# [WORK REQUIRED]
Make a verbatim copy of all the records. Skip every image.

########

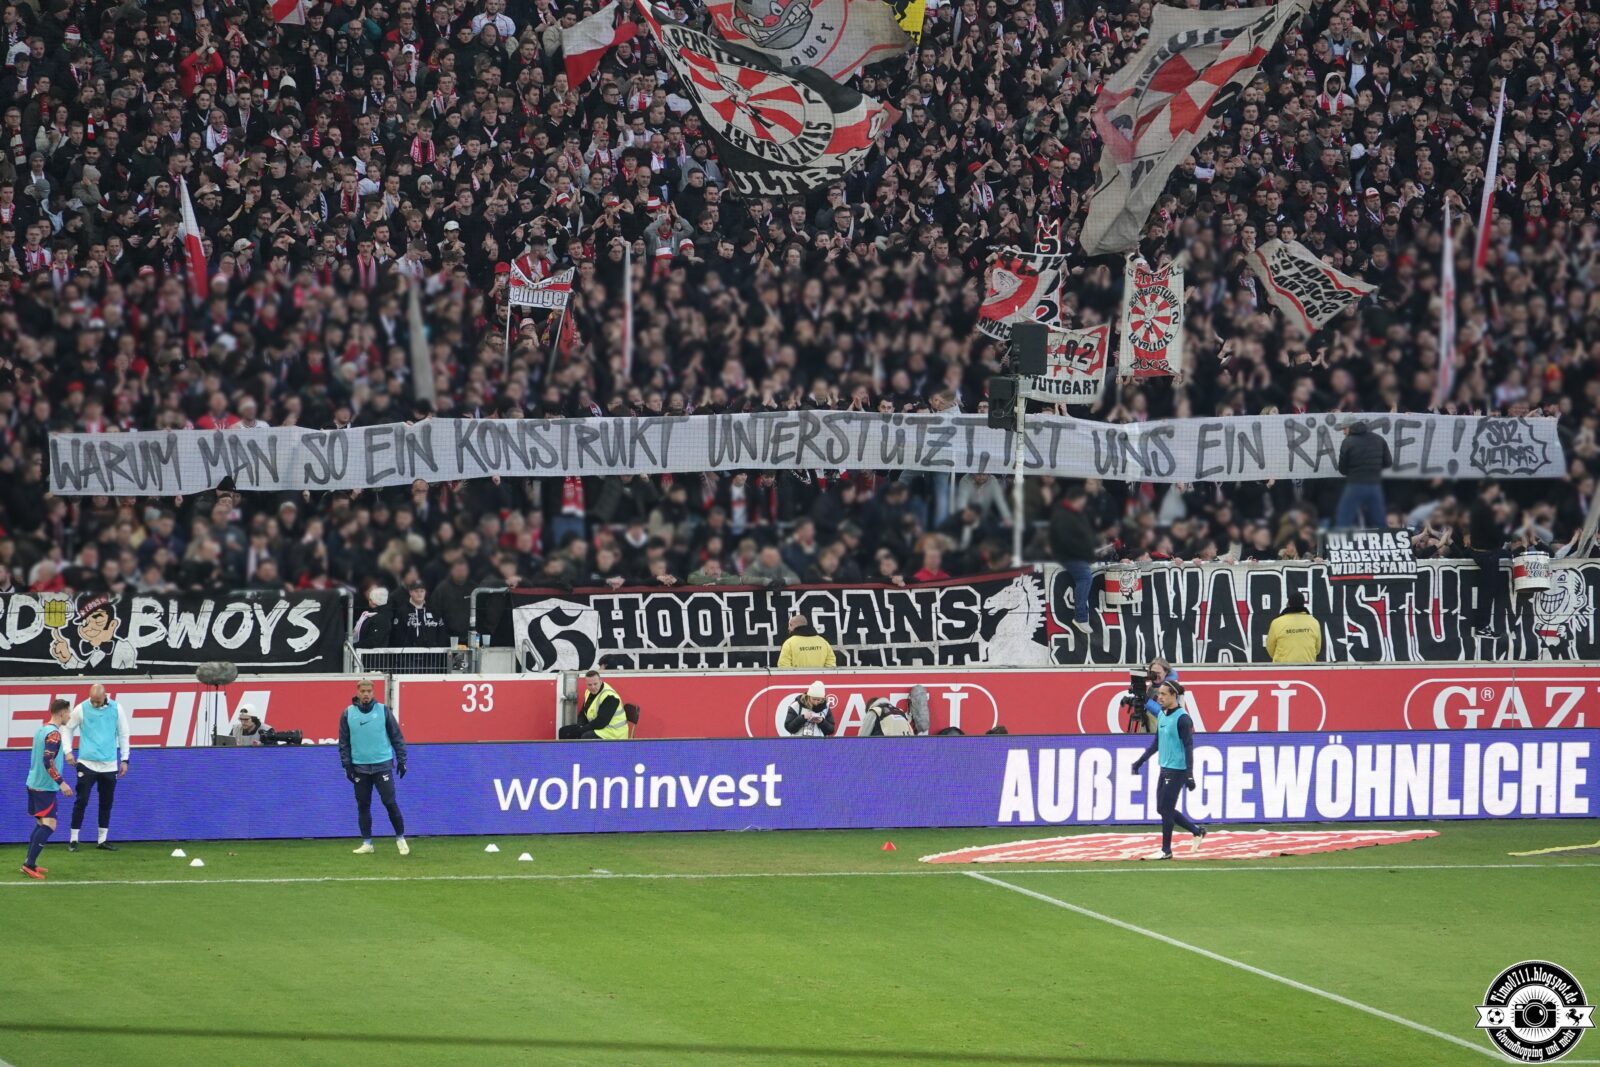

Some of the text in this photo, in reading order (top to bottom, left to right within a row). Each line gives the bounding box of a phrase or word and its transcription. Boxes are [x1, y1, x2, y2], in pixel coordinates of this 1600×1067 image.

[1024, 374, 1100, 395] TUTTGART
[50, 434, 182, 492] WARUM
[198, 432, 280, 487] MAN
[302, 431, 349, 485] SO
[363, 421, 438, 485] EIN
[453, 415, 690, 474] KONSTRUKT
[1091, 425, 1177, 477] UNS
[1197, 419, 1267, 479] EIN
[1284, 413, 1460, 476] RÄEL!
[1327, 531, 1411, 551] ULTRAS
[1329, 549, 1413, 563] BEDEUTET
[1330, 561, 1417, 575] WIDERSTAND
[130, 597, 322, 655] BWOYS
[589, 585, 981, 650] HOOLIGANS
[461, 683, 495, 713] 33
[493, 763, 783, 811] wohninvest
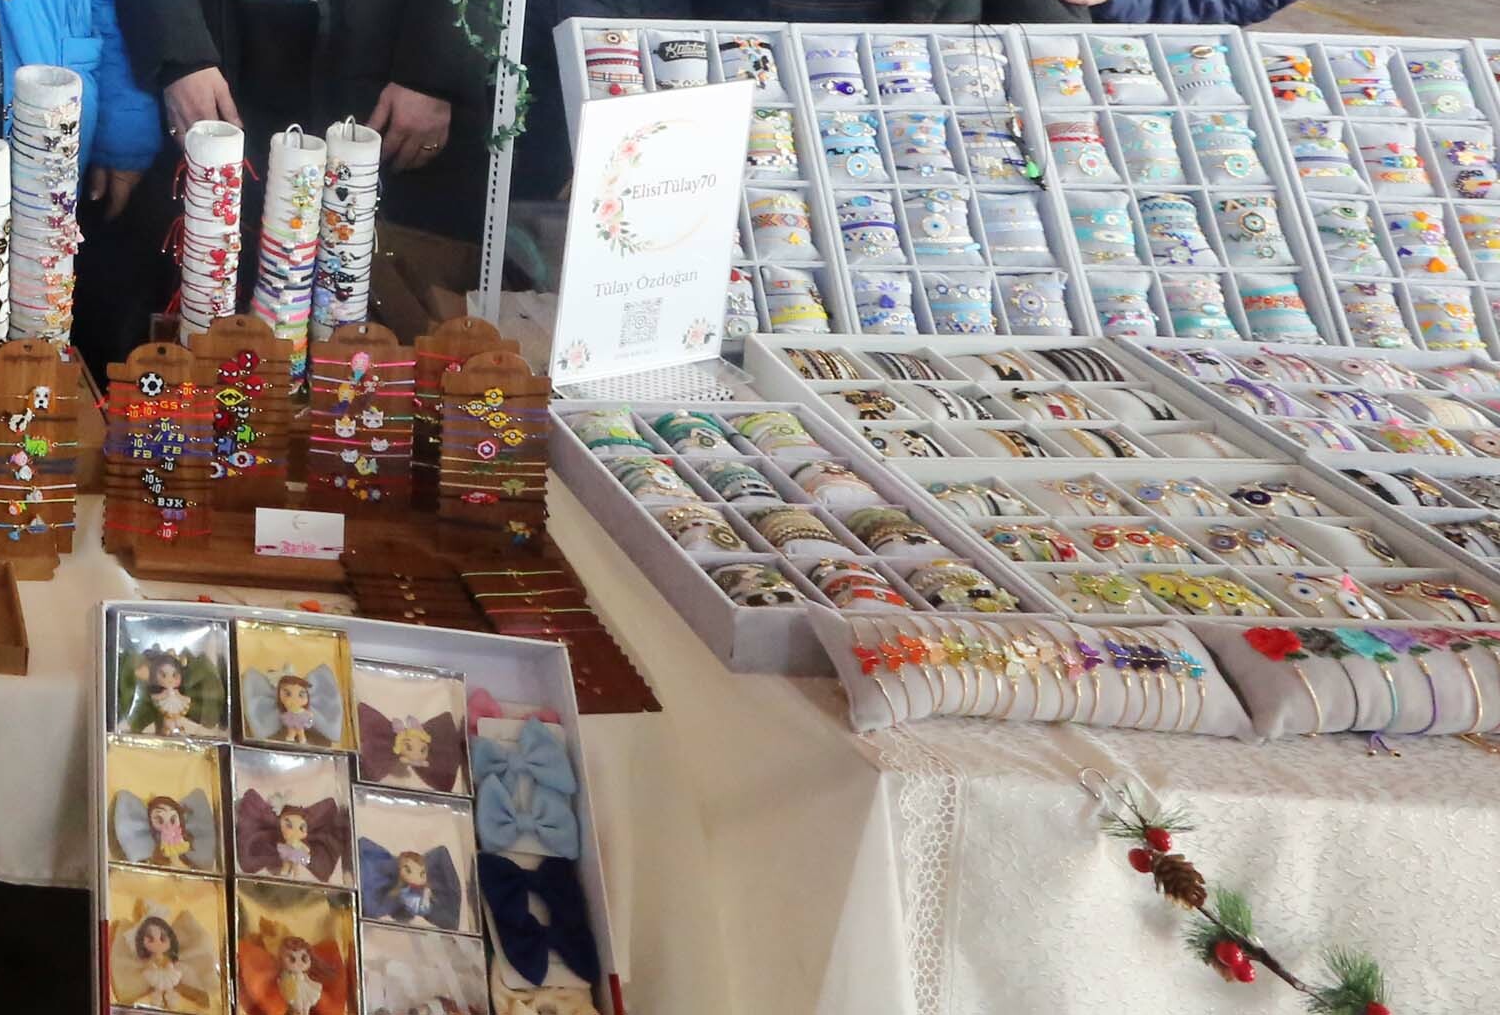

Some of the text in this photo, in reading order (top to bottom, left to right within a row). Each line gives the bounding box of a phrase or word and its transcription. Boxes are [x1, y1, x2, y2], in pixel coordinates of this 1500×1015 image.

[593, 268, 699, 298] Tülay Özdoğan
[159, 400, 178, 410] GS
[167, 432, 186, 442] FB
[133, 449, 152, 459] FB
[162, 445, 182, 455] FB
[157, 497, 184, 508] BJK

########

# [FINISHED TASK]
Some of the text in this photo, in reading order (top to bottom, left to right within a row). Each line gives the bounding box of a phrase or word and its transcription. Boxes are [x1, y1, x2, y2], in pixel coordinates of this 1600×1067 image.

[1024, 374, 1100, 395] TUTTGART
[50, 434, 182, 492] WARUM
[198, 432, 280, 487] MAN
[302, 431, 349, 485] SO
[363, 421, 438, 485] EIN
[453, 415, 690, 474] KONSTRUKT
[1091, 425, 1177, 477] UNS
[1197, 419, 1267, 479] EIN
[1284, 413, 1460, 476] RÄEL!
[1327, 531, 1411, 551] ULTRAS
[1329, 549, 1413, 563] BEDEUTET
[1330, 561, 1417, 575] WIDERSTAND
[130, 597, 322, 655] BWOYS
[589, 585, 981, 650] HOOLIGANS
[461, 683, 495, 713] 33
[493, 763, 783, 811] wohninvest

Some of the text in this photo, in reading order (top to bottom, left to right within a row). Each line gives the bounding box of a phrase or word and its transcription. Boxes are [x1, y1, x2, y2], in pixel coordinates of this 1500×1015 image.

[593, 268, 699, 298] Tülay Özdoğan
[159, 400, 178, 410] GS
[167, 432, 186, 442] FB
[133, 449, 152, 459] FB
[162, 445, 182, 455] FB
[157, 497, 184, 508] BJK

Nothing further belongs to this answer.